### Exercise aim:
Only the text belongs in the copy. Transcribe the data exactly and drop any pictures.

= = = =

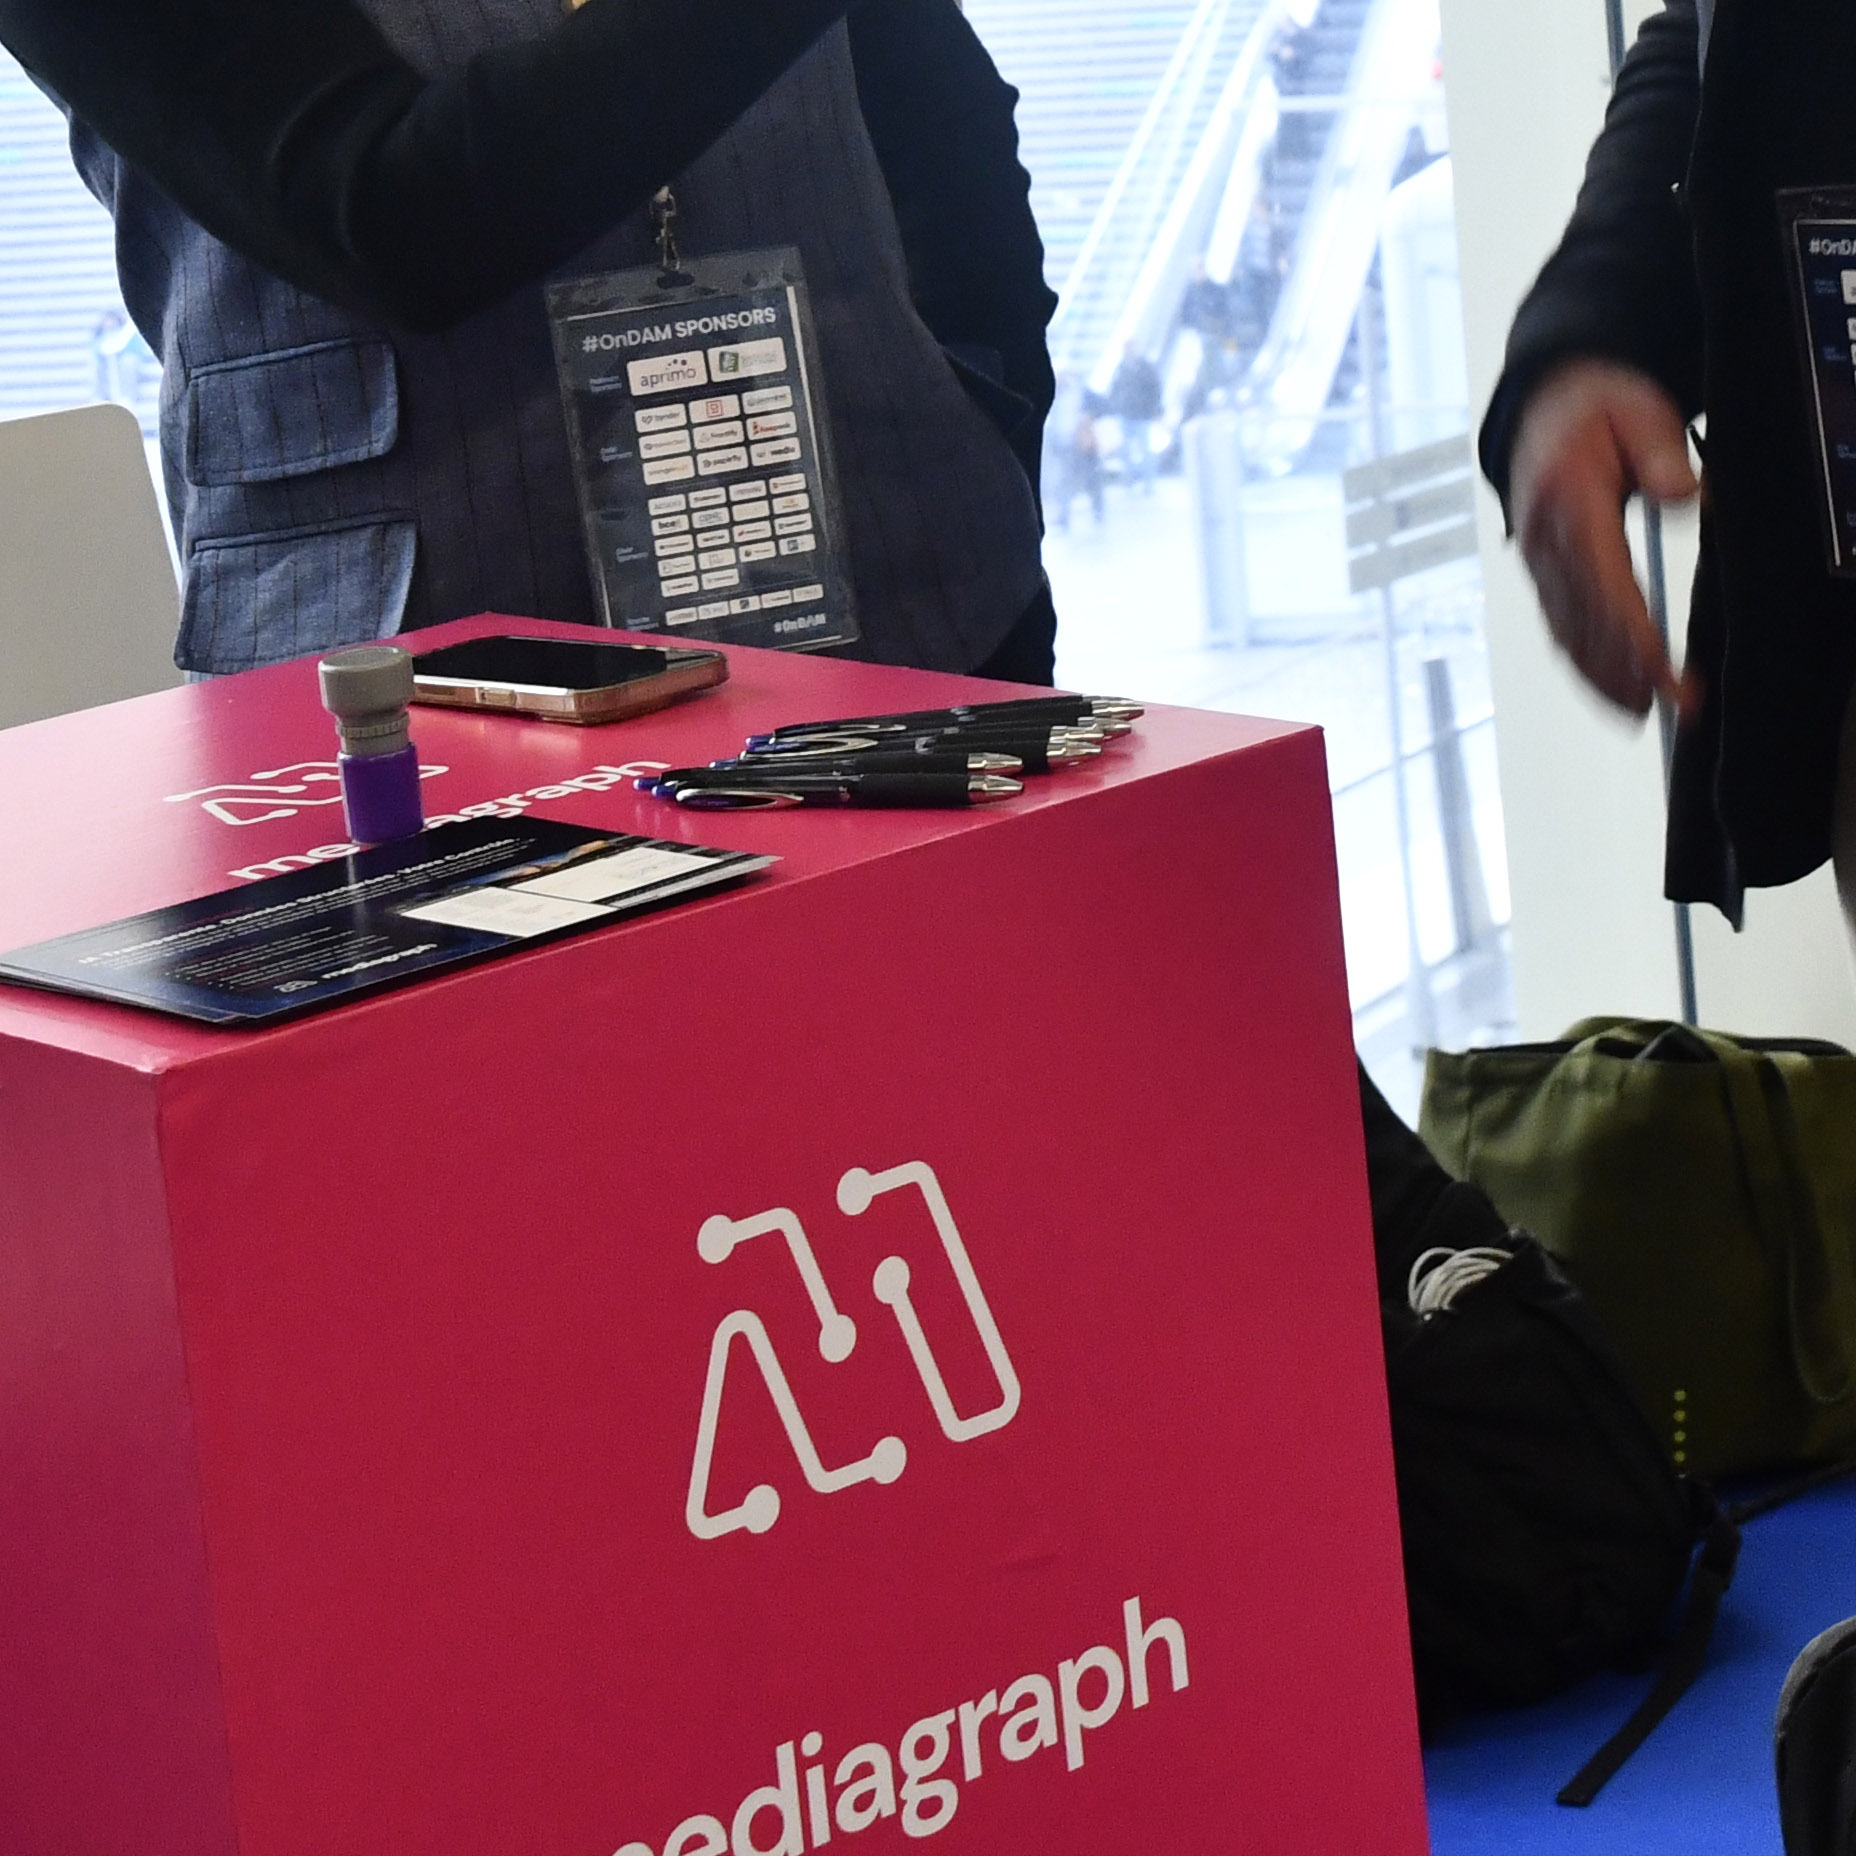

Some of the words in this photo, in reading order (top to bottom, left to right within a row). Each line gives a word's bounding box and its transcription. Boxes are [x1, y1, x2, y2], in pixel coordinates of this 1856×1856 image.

[581, 322, 673, 353] #OnDAM
[674, 306, 777, 339] SPONSORS
[640, 366, 697, 389] aprimo
[227, 757, 671, 882] meagraph
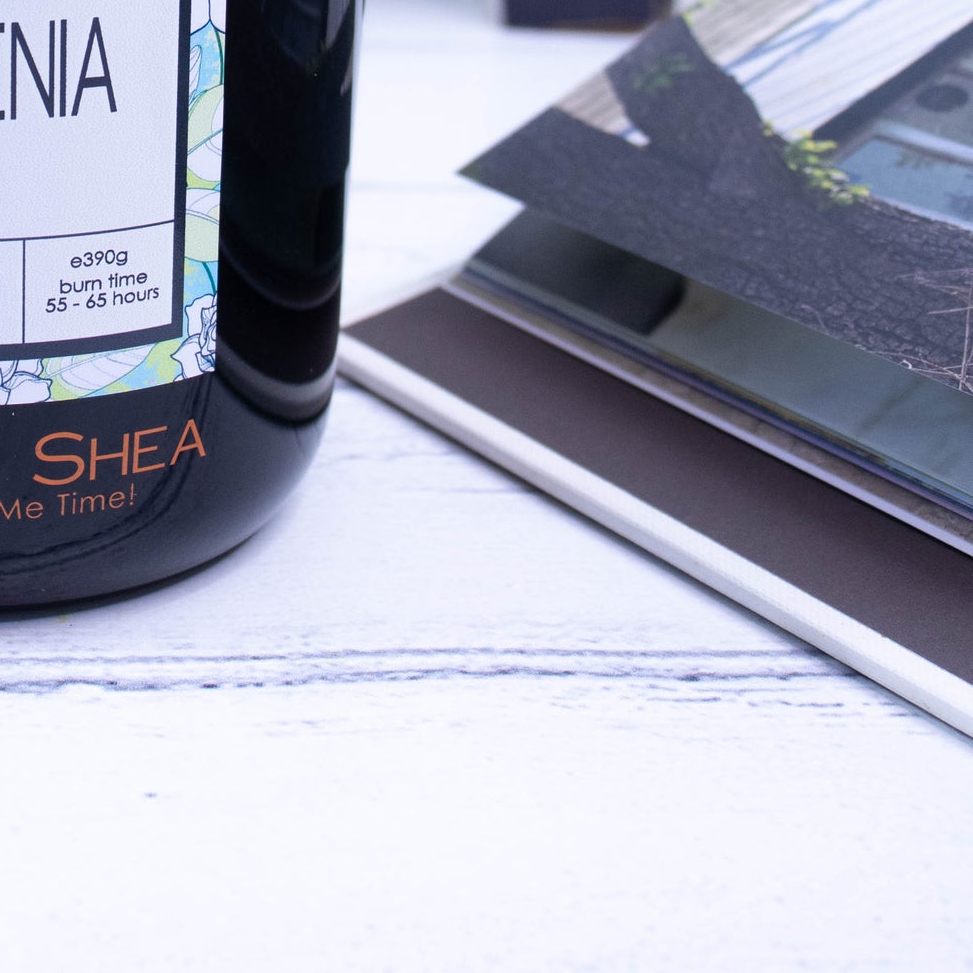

= = = =

### Output:
Some of the words in this photo, in reading order (top to bottom, left to right within a row). Each line gives a word's bounding box and its transcription. Boxes are [x1, y1, x2, y2], in pixel coordinates of this 1856×1856 image.

[581, 322, 673, 353] #OnDAM
[674, 306, 777, 339] SPONSORS
[640, 366, 697, 389] aprimo
[227, 757, 671, 882] meagraph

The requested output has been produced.